DATA FOR ANALYSIS:

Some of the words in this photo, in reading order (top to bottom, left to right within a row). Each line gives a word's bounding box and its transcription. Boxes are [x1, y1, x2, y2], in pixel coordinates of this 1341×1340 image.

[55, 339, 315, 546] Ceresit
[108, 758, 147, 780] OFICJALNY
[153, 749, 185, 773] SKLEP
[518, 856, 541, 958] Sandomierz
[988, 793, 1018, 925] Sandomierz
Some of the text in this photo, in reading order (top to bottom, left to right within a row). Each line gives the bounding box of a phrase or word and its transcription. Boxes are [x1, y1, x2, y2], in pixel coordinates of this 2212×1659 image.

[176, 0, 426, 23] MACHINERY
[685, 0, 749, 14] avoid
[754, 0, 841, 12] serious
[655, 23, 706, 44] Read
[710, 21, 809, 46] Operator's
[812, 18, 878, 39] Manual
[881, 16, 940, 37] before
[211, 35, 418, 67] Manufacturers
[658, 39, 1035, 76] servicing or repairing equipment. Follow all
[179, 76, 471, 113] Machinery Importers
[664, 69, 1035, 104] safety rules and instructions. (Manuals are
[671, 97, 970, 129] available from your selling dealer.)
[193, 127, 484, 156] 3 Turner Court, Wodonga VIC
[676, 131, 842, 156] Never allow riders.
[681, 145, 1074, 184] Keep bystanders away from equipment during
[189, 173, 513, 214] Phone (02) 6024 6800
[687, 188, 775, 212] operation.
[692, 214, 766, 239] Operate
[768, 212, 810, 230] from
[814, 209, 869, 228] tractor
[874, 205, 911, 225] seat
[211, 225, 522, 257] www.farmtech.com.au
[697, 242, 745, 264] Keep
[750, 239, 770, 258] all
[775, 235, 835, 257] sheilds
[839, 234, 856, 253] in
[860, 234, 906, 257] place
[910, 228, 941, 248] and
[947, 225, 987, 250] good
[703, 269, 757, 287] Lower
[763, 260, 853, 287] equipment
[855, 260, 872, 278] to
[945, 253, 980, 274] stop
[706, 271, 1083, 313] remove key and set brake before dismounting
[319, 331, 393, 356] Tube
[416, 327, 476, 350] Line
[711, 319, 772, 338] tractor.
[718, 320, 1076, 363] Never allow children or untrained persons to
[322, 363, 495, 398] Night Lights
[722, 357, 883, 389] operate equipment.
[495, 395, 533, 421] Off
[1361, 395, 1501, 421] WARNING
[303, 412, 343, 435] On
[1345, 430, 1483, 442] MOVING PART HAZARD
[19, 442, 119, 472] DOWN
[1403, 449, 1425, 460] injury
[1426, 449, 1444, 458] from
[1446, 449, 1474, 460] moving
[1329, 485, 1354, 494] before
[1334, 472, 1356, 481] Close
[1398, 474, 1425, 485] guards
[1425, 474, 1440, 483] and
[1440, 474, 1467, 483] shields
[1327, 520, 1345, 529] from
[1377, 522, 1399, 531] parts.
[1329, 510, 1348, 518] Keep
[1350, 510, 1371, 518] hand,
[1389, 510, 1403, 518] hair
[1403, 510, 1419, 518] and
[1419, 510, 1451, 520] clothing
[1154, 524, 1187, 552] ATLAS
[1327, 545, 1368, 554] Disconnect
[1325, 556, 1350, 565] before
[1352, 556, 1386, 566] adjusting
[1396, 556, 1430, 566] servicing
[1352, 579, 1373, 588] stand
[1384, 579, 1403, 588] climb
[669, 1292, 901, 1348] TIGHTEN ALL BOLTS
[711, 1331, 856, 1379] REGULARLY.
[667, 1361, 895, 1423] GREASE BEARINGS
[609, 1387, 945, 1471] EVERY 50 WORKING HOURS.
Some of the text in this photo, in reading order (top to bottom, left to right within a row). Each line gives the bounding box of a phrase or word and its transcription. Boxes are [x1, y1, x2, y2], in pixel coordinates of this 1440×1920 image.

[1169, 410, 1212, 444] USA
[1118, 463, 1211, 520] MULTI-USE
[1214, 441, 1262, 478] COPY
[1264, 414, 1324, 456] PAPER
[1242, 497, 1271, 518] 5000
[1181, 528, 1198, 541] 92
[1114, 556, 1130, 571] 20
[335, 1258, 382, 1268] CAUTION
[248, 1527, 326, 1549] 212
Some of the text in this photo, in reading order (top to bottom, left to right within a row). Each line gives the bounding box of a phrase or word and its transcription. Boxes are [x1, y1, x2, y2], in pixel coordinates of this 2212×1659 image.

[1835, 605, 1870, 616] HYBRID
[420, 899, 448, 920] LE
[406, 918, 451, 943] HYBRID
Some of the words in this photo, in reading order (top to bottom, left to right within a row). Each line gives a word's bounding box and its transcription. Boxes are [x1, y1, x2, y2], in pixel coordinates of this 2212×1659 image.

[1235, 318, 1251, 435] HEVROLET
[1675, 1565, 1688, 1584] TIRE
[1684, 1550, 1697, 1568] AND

HOW TO COMPLETE THIS TASK: An exact copy of every record is required.

ANSWER AREA:
Some of the words in this photo, in reading order (top to bottom, left to right within a row). Each line gives a word's bounding box and its transcription. Boxes are [x1, y1, x2, y2], in pixel coordinates of this 1341×1340 image.

[55, 339, 315, 546] Ceresit
[108, 758, 147, 780] OFICJALNY
[153, 749, 185, 773] SKLEP
[518, 856, 541, 958] Sandomierz
[988, 793, 1018, 925] Sandomierz
Some of the text in this photo, in reading order (top to bottom, left to right within a row). Each line gives the bounding box of a phrase or word and its transcription. Boxes are [x1, y1, x2, y2], in pixel coordinates of this 2212×1659 image.

[176, 0, 426, 23] MACHINERY
[685, 0, 749, 14] avoid
[754, 0, 841, 12] serious
[655, 23, 706, 44] Read
[710, 21, 809, 46] Operator's
[812, 18, 878, 39] Manual
[881, 16, 940, 37] before
[211, 35, 418, 67] Manufacturers
[658, 39, 1035, 76] servicing or repairing equipment. Follow all
[179, 76, 471, 113] Machinery Importers
[664, 69, 1035, 104] safety rules and instructions. (Manuals are
[671, 97, 970, 129] available from your selling dealer.)
[193, 127, 484, 156] 3 Turner Court, Wodonga VIC
[676, 131, 842, 156] Never allow riders.
[681, 145, 1074, 184] Keep bystanders away from equipment during
[189, 173, 513, 214] Phone (02) 6024 6800
[687, 188, 775, 212] operation.
[692, 214, 766, 239] Operate
[768, 212, 810, 230] from
[814, 209, 869, 228] tractor
[874, 205, 911, 225] seat
[211, 225, 522, 257] www.farmtech.com.au
[697, 242, 745, 264] Keep
[750, 239, 770, 258] all
[775, 235, 835, 257] sheilds
[839, 234, 856, 253] in
[860, 234, 906, 257] place
[910, 228, 941, 248] and
[947, 225, 987, 250] good
[703, 269, 757, 287] Lower
[763, 260, 853, 287] equipment
[855, 260, 872, 278] to
[945, 253, 980, 274] stop
[706, 271, 1083, 313] remove key and set brake before dismounting
[319, 331, 393, 356] Tube
[416, 327, 476, 350] Line
[711, 319, 772, 338] tractor.
[718, 320, 1076, 363] Never allow children or untrained persons to
[322, 363, 495, 398] Night Lights
[722, 357, 883, 389] operate equipment.
[495, 395, 533, 421] Off
[1361, 395, 1501, 421] WARNING
[303, 412, 343, 435] On
[1345, 430, 1483, 442] MOVING PART HAZARD
[19, 442, 119, 472] DOWN
[1403, 449, 1425, 460] injury
[1426, 449, 1444, 458] from
[1446, 449, 1474, 460] moving
[1329, 485, 1354, 494] before
[1334, 472, 1356, 481] Close
[1398, 474, 1425, 485] guards
[1425, 474, 1440, 483] and
[1440, 474, 1467, 483] shields
[1327, 520, 1345, 529] from
[1377, 522, 1399, 531] parts.
[1329, 510, 1348, 518] Keep
[1350, 510, 1371, 518] hand,
[1389, 510, 1403, 518] hair
[1403, 510, 1419, 518] and
[1419, 510, 1451, 520] clothing
[1154, 524, 1187, 552] ATLAS
[1327, 545, 1368, 554] Disconnect
[1325, 556, 1350, 565] before
[1352, 556, 1386, 566] adjusting
[1396, 556, 1430, 566] servicing
[1352, 579, 1373, 588] stand
[1384, 579, 1403, 588] climb
[669, 1292, 901, 1348] TIGHTEN ALL BOLTS
[711, 1331, 856, 1379] REGULARLY.
[667, 1361, 895, 1423] GREASE BEARINGS
[609, 1387, 945, 1471] EVERY 50 WORKING HOURS.
Some of the text in this photo, in reading order (top to bottom, left to right within a row). Each line gives the bounding box of a phrase or word and its transcription. Boxes are [x1, y1, x2, y2], in pixel coordinates of this 1440×1920 image.

[1169, 410, 1212, 444] USA
[1118, 463, 1211, 520] MULTI-USE
[1214, 441, 1262, 478] COPY
[1264, 414, 1324, 456] PAPER
[1242, 497, 1271, 518] 5000
[1181, 528, 1198, 541] 92
[1114, 556, 1130, 571] 20
[335, 1258, 382, 1268] CAUTION
[248, 1527, 326, 1549] 212
Some of the text in this photo, in reading order (top to bottom, left to right within a row). Each line gives the bounding box of a phrase or word and its transcription. Boxes are [x1, y1, x2, y2], in pixel coordinates of this 2212×1659 image.

[1835, 605, 1870, 616] HYBRID
[420, 899, 448, 920] LE
[406, 918, 451, 943] HYBRID
Some of the words in this photo, in reading order (top to bottom, left to right within a row). Each line gives a word's bounding box and its transcription. Boxes are [x1, y1, x2, y2], in pixel coordinates of this 2212×1659 image.

[1235, 318, 1251, 435] HEVROLET
[1675, 1565, 1688, 1584] TIRE
[1684, 1550, 1697, 1568] AND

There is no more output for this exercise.